Mike Golden, Chesterfield County’s director of parks and recreation, said SportsQuest told the county last month that Burton is out and that Dudley Duncan, a board member and one of the original investors, has taken over leadership.
“Dudley Duncan is now running the operations, and we deal with Duncan on a daily basis now,” Golden said. Chesterfield County uses the fields during the week.
It’s unclear what will happen to SportsQuest, which has piled up at least $1 million in overdue bills and a handful of lawsuits.
“I think they are looking at what their options are,” Golden said.
Burton did not return several calls for comment Tuesday. Nor did Duncan.
Burton’s departure was first reported Monday by Style Weekly. Burton remains a shareholder through his investment group, the Beechwood Fund, according to Style Weekly.
With Burton out of the picture, at least one local company is considering making a play for SportsQuest’s main asset: a 12-field turf complex off Genito Road.
Christopher Robinson, facilities manager of neighboring indoor sports facility RISE, said his organization has an interest in the fields.
“We’ve made it known we would like to operate the fields,” Robinson said. “It would be a perfect fit [for RISE]. It’s up to Duncan to see what he wants to do with the remaining parts.”
RISE had been one of SportsQuest’s longest standing partners until it pulled out in February and took its sports training and sports leagues back under its own control.
SportsQuest, which includes for-profit and nonprofit components, has struggled financially since it was conceived around 2008 as a mecca for sports training, competition and entertainment.
Burton’s vision evolved constantly.
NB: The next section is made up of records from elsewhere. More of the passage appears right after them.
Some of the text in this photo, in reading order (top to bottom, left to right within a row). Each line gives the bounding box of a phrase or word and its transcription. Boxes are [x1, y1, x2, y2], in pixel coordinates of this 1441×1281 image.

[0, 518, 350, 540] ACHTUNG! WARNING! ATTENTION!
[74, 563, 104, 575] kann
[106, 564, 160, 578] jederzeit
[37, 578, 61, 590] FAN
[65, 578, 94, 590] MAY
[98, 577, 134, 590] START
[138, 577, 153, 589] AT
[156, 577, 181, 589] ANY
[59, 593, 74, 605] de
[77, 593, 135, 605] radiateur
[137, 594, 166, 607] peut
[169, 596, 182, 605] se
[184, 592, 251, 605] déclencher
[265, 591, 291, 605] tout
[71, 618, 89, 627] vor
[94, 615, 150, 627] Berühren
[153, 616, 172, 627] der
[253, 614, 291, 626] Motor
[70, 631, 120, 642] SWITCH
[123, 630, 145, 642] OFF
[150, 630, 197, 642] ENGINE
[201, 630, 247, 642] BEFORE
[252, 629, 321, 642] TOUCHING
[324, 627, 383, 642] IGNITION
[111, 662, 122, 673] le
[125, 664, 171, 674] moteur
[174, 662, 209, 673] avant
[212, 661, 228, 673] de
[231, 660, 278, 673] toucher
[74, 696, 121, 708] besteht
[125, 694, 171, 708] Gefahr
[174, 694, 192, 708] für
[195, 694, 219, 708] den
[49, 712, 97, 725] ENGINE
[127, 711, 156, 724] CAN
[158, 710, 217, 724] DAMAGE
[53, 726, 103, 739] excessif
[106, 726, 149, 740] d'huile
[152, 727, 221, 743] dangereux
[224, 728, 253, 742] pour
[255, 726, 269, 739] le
In 2009, he told Richmond BizSense that he wanted to have a pavilion for concerts and an outdoor bike track. He also started an Arena Football team, which folded last year, and claimed that SportsQuest would eventually hold Olympic trials in sports like speed skating. Throughout 2010 and 2011, Burton grew SportsQuest’s reach by adding leagues such as flag football and specialized training in sports like women’s lacrosse. He hired established coaches and league owners and made them SportsQuest “partners.” Most of those partnerships fizzled after Burton reneged on payments.
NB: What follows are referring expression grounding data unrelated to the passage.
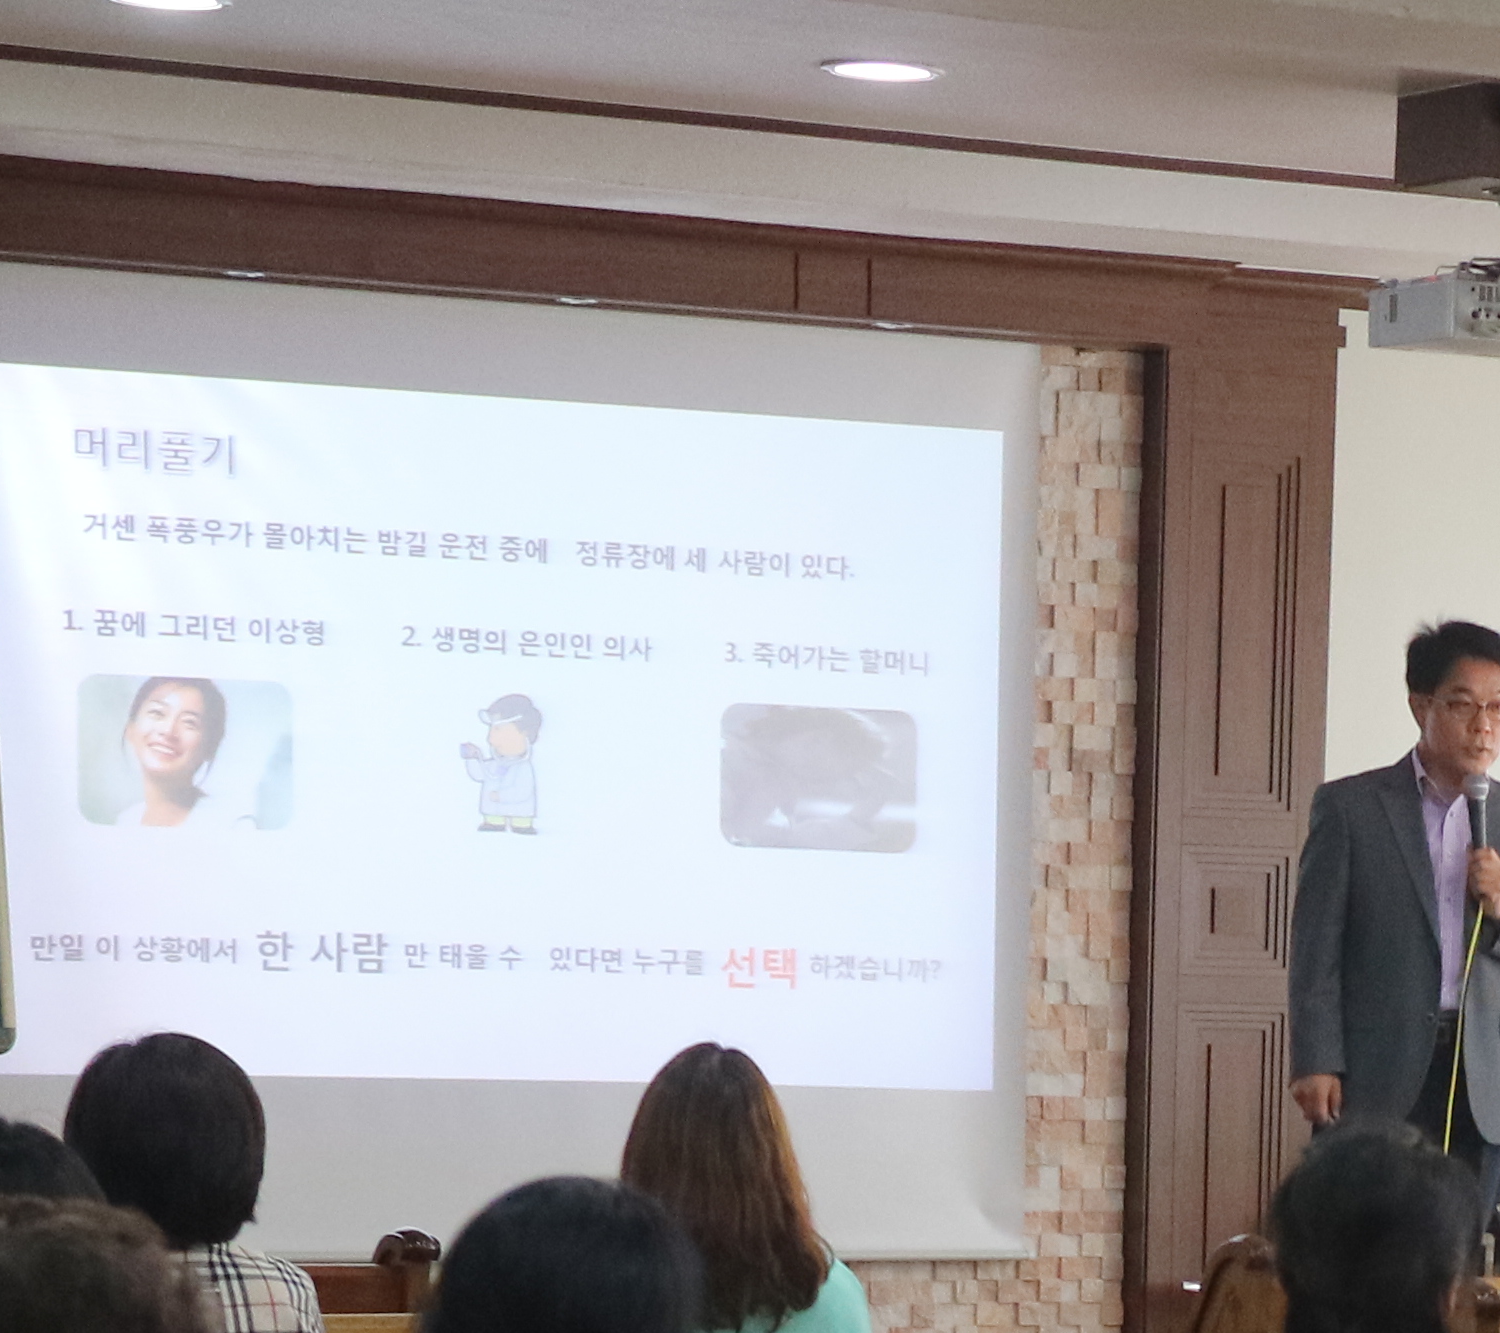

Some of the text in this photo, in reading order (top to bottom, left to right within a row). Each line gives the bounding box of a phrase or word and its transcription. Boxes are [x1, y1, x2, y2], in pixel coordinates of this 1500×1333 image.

[74, 428, 237, 475] 머리풀기
[83, 513, 856, 581] 거센 폭풍우가 몰아치는 밤길 운전 중에 정류장에 세 사람이 있다.
[62, 608, 326, 647] 1. 꿈에 그리던 이상형
[400, 625, 653, 663] 2. 생명의 은인인 의사
[724, 642, 930, 677] 3. 죽어가는 할머니
[29, 934, 85, 962] 만일
[96, 934, 121, 962] 이
[132, 935, 238, 965] 상황에서
[256, 930, 294, 972] 한
[310, 931, 390, 975] 사람
[439, 944, 489, 970] 태울
[498, 945, 523, 970] 수
[549, 947, 623, 974] 있다면
[632, 948, 706, 976] 누구를
[721, 947, 798, 989] 선택
[810, 954, 942, 983] 하겠습니까?
Burton also started SportsQuest Academy as a sports training boarding school. That shut down in recent weeks with just five students, according to the Style Weekly report.
Legal woes keep mounting for the project.
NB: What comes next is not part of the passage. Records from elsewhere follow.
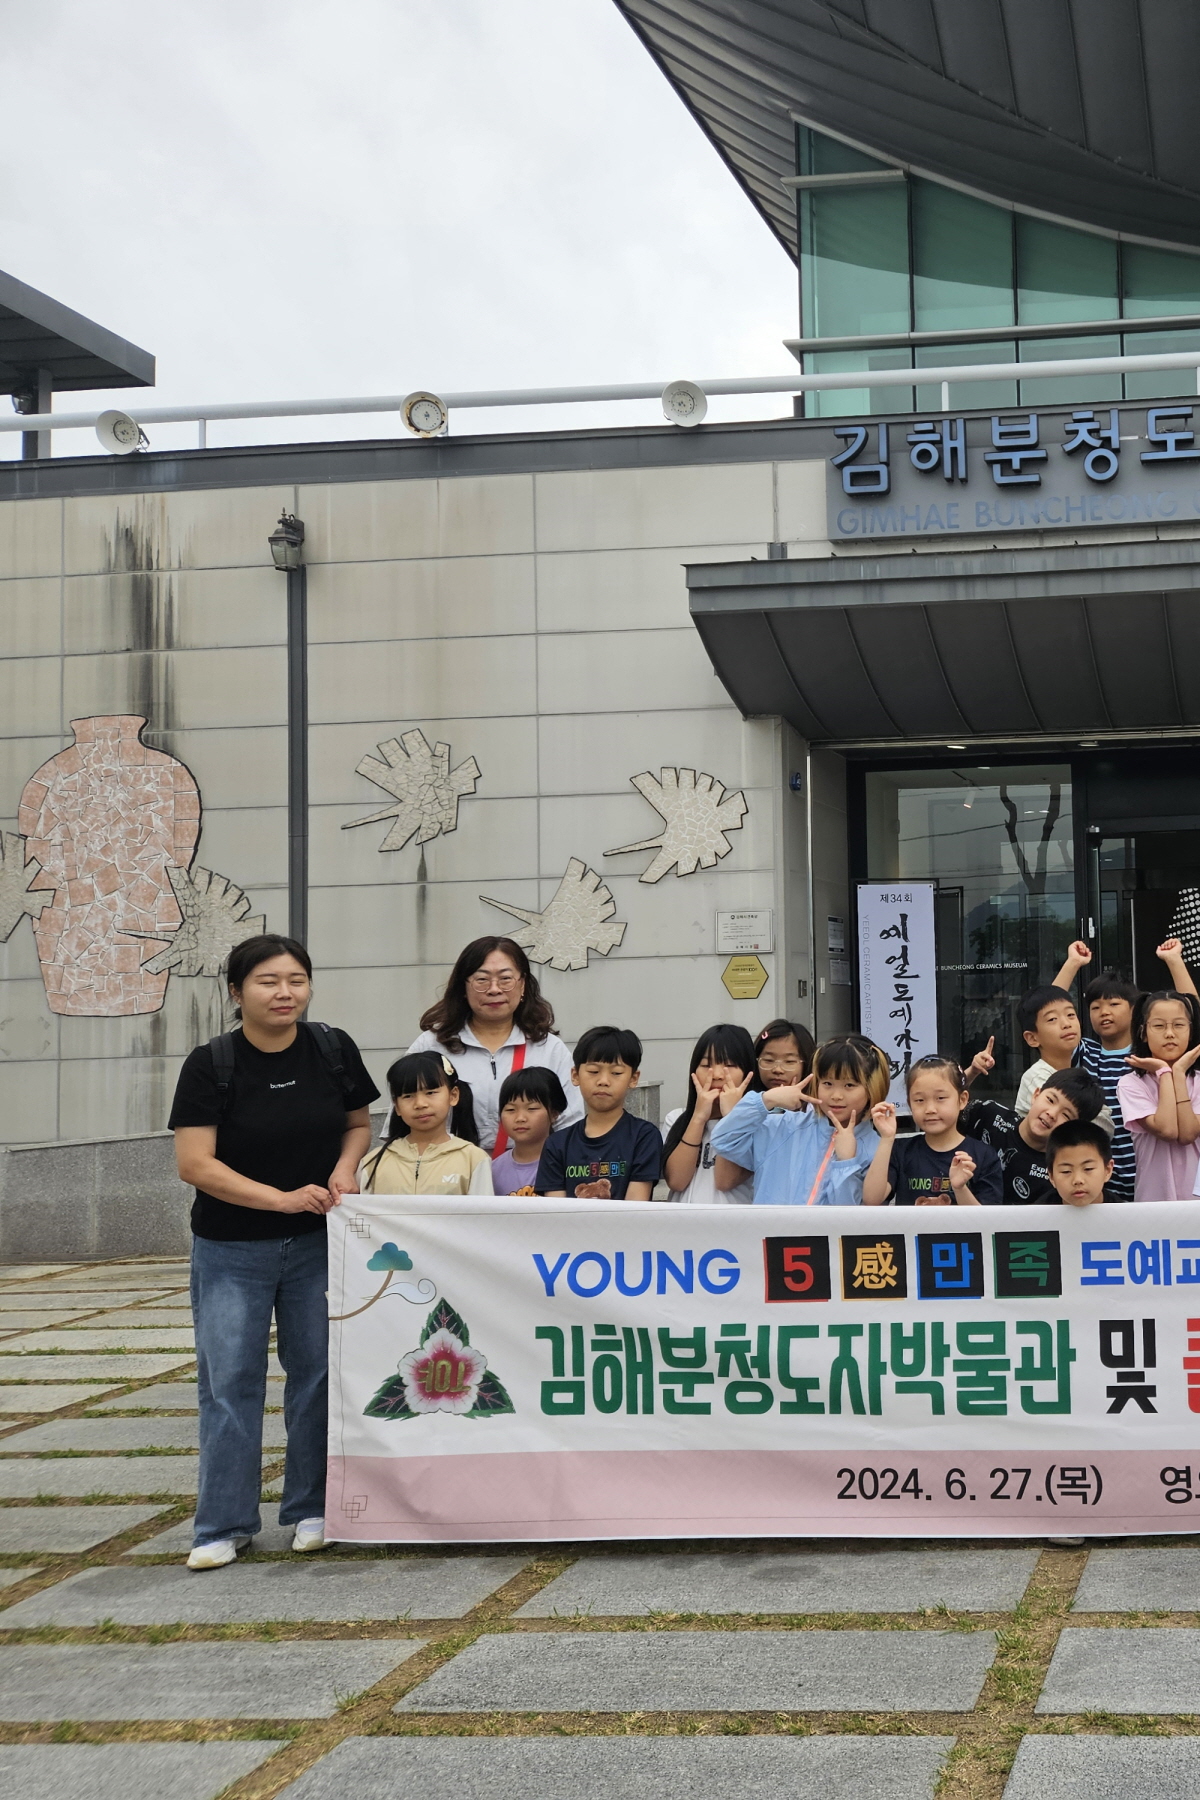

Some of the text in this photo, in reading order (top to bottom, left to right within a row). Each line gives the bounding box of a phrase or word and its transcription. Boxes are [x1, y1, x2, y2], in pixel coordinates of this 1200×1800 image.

[837, 502, 960, 535] GIMHAE
[975, 490, 1179, 529] BUNCHEONG
[880, 893, 912, 903] 제34회
[863, 947, 871, 990] CERAMIC
[864, 992, 872, 1024] ARTIST
[566, 1165, 590, 1178] YOUNG
[908, 1177, 932, 1190] YOUNG
[532, 1248, 741, 1298] YOUNG
[535, 1319, 1076, 1415] 김해분청도자박물관
[1099, 1318, 1158, 1414] 및
[836, 1467, 932, 1501] 2024.
[945, 1467, 976, 1501] 6.
[989, 1464, 1103, 1505] 27.(목)
The Virginia attorney general’s office sued SportsQuest in February for improperly marketing and selling memberships to a fitness center that was never built. Most recently, SportsQuest was evicted from a temporary fitness facility it had leased as a gym for its members.
Contractors have also filed liens to the tune of almost $1 million and sued SportsQuest to make sure they are in line to get what they’re owed.
Prior to his departure, Burton said he was working to line up other investors, including through a proposed plan to split SportsQuest’s operations into three entities in the hopes of making it a more attractive investment.
The one part of SportsQuest that came to fruition is the 12-field turf complex that has been its main source of revenue. The construction of those fields was financed in part by a $4.3 million payment from Chesterfield County. In return, the county has been able to use the fields and was promised a recreation center that has not been built.
The county has maintained that it is protected with a lien should SportsQuest fail to hold up its end of the agreement.
Garrett Hart, an assistant director at Chesterfield Economic Development who helped broker the SportsQuest deal, did not return a call seeking comment.
County Attorney Jeffrey Mincks also did not return a call by press time.